Biomarkers are divided into three types: exposure, effect, and susceptibility. The function of an exposure biomarker is to identify exogenous substances in the system and is a product of the interaction between xenobiotic compounds and endogenous components related to exposure. In contrast, a biomarker of effect could be an indicator of an endogenous component of the biological system, a measure of the functional capacity of the system, or an altered state of the system that is recognized as disease. Finally, a susceptibility biomarker is defined as an indicator of the health of the system/organism sensitive to exposure to xenobiotic compounds.
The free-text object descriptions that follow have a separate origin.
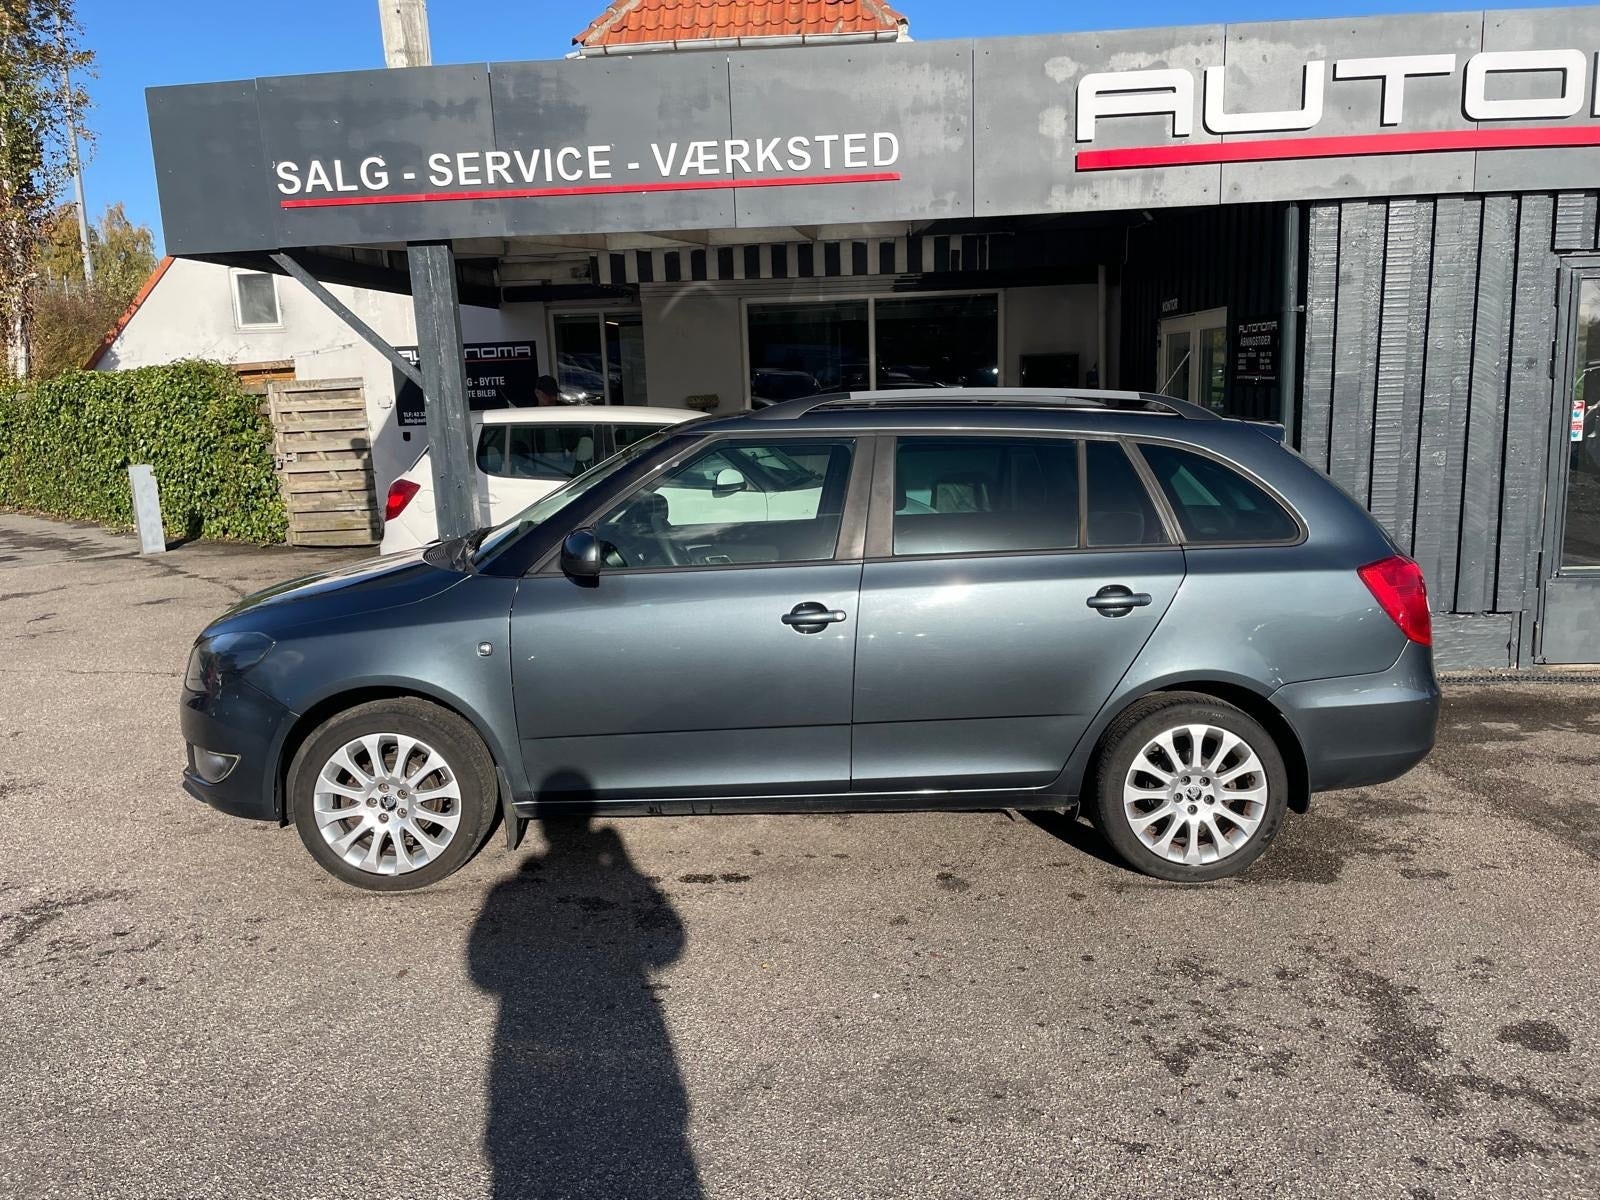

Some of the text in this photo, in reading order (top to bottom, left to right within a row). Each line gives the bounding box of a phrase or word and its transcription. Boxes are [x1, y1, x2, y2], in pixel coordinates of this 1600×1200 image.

[1076, 48, 1600, 143] AUTO
[276, 156, 389, 195] SALG
[428, 145, 613, 187] SERVICE
[650, 131, 900, 177] VÆRKSTED
[1239, 321, 1278, 333] AUTONOMA
[479, 376, 505, 386] BYTTE
[477, 389, 496, 398] BILER
Due to their involvement in the pathogenesis of several diseases such as atherosclerosis, cancer, diabetes, respiratory pathologies, and others, oxidative stress biomarkers such as CAT, CuZnSOD, and malondialdehyde (MDA) are increasingly being studied in experimental, clinical, and epidemiological studies [23]. Indeed, these indicators play an important role in the genesis or progression of many diseases. Among the many different markers, MDA and natural antioxidants, metalloenzymes, CuZnSOD, and GPx have been considered as the most important stress biomarkers. However, measuring these molecules is difficult, due to the complexity of the biological matrices employed, particularly serum, blood, and urine, as well as a lack of correctly selective efficient extraction procedures which allow the simultaneous extraction of an extensive range of biomarkers. In fact, biomarkers can increase disease understanding and provide new knowledge about pathogenic pathways, allowing for earlier diagnosis and the use of more effective and safer medicines.
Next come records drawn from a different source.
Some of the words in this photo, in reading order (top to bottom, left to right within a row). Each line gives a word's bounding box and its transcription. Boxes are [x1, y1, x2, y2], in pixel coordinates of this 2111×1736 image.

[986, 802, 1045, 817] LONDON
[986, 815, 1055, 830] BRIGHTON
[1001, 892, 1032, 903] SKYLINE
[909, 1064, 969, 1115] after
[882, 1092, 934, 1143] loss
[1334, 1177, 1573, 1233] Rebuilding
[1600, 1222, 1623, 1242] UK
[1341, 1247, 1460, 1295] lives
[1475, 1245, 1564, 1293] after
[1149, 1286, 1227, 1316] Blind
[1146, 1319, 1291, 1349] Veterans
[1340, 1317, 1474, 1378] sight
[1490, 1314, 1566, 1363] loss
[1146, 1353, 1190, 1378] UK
Oxidative Stress Detection Methods

The evaluation and measurement of oxidative stress is far from being a simple and accessible process, whenever the techniques used for this purpose possess strong constraints that restrict throughout instrumentation and the reliability of results, respectively, due to difficulties in directly affecting the object of study and limitations of applicability. Direct analysis of reactive oxygen species in biological materials can be particularly difficult due to their high intrinsic reactivity and incredibly short half-life.
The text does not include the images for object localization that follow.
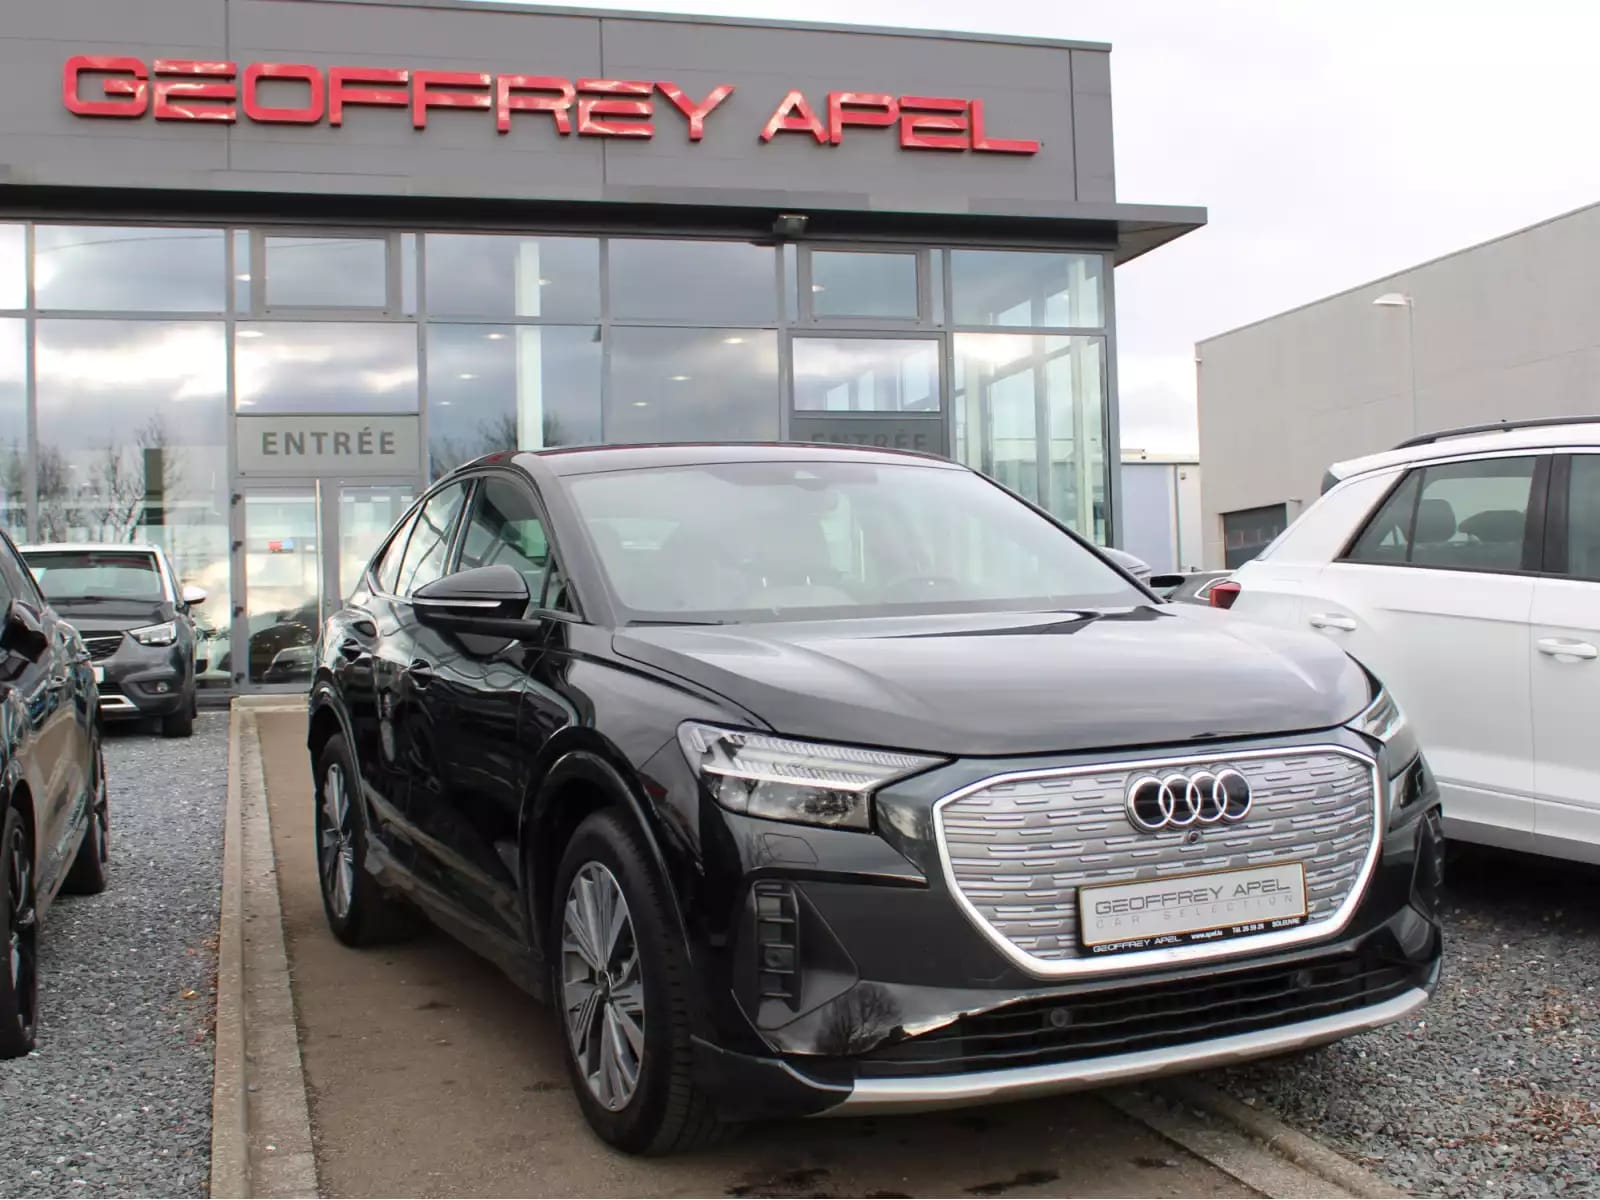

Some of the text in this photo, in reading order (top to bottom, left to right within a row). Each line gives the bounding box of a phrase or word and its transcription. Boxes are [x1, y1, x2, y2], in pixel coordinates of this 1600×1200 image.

[63, 55, 1039, 155] GEOFFREY APEL
[262, 426, 395, 455] ENTRÉE
[1095, 879, 1291, 914] GEOFFREY APEL
[1096, 915, 1140, 928] CAR
[1093, 939, 1151, 953] GEOFFREY
[1154, 935, 1182, 945] APEL
Reactive Oxygen Species Determination Methods

The detection approach for reactive oxidants differs only by whether they are inside or outside of the cell [24]. Intracellular detection is often accomplished using flow cytometry or fluorescence microscopy, whereas released oxidants can be identified in real time using fluorescence or UV/visible spectrometry, or by sampling the medium in ranges, as using HPLC or mass spectrometry. There are numerous ways for quantifying reactive oxygen species and nitrogen. Several approaches will be quoted in this paper, with an emphasis on the superoxide, hydrogen peroxide, nitrogen monoxide, and peroxynitrite species. According to some authors, the most convenient way to determine intracellular or intramitochondrial accumulation of ROS is the use of fluorescent or chemiluminescent assays [24]. The probes used for this purpose are permeable cells and the measurements are usually based on the oxidative activity of ROS. Due to certain characteristics such as high sensitivity and ease of detection of small numbers of cells, chemiluminescence assays are widely used to detect reactive oxygen species. ROS-associated reactions involve multi-step radical mechanisms and have the same limitations as fluorescence assays.

Lucigenin

According to the scientific literature, the most frequently used chemiluminescent probe applied to detect O₂^·- radical is Lucigenin (bis-N-methylacridinium nitrate) because this has the characteristic of being permeable to the cell and is particularly specific. Likewise, this probe may have another nomenclature, namely chemiluminescent Lucigenin-enhanced. Briefly, the lucigenin probe is also considered a chemiluminescent, through a radical mechanism, despite the original compound being reduced to a radical that reacts with O₂^·-to produce an intermediate that decomposes on emission of light. That is, this reaction is effectively O₂^·- dependent. However, the validity of this technique has been questioned with the argument that O₂^·- production can be artificially overestimated due to a phenomenon known as redox cycling, in which lucigenin radicals react with oxygen to generate O₂^·- [25]. They likely react with a variety of ROS, and are therefore very unspecific.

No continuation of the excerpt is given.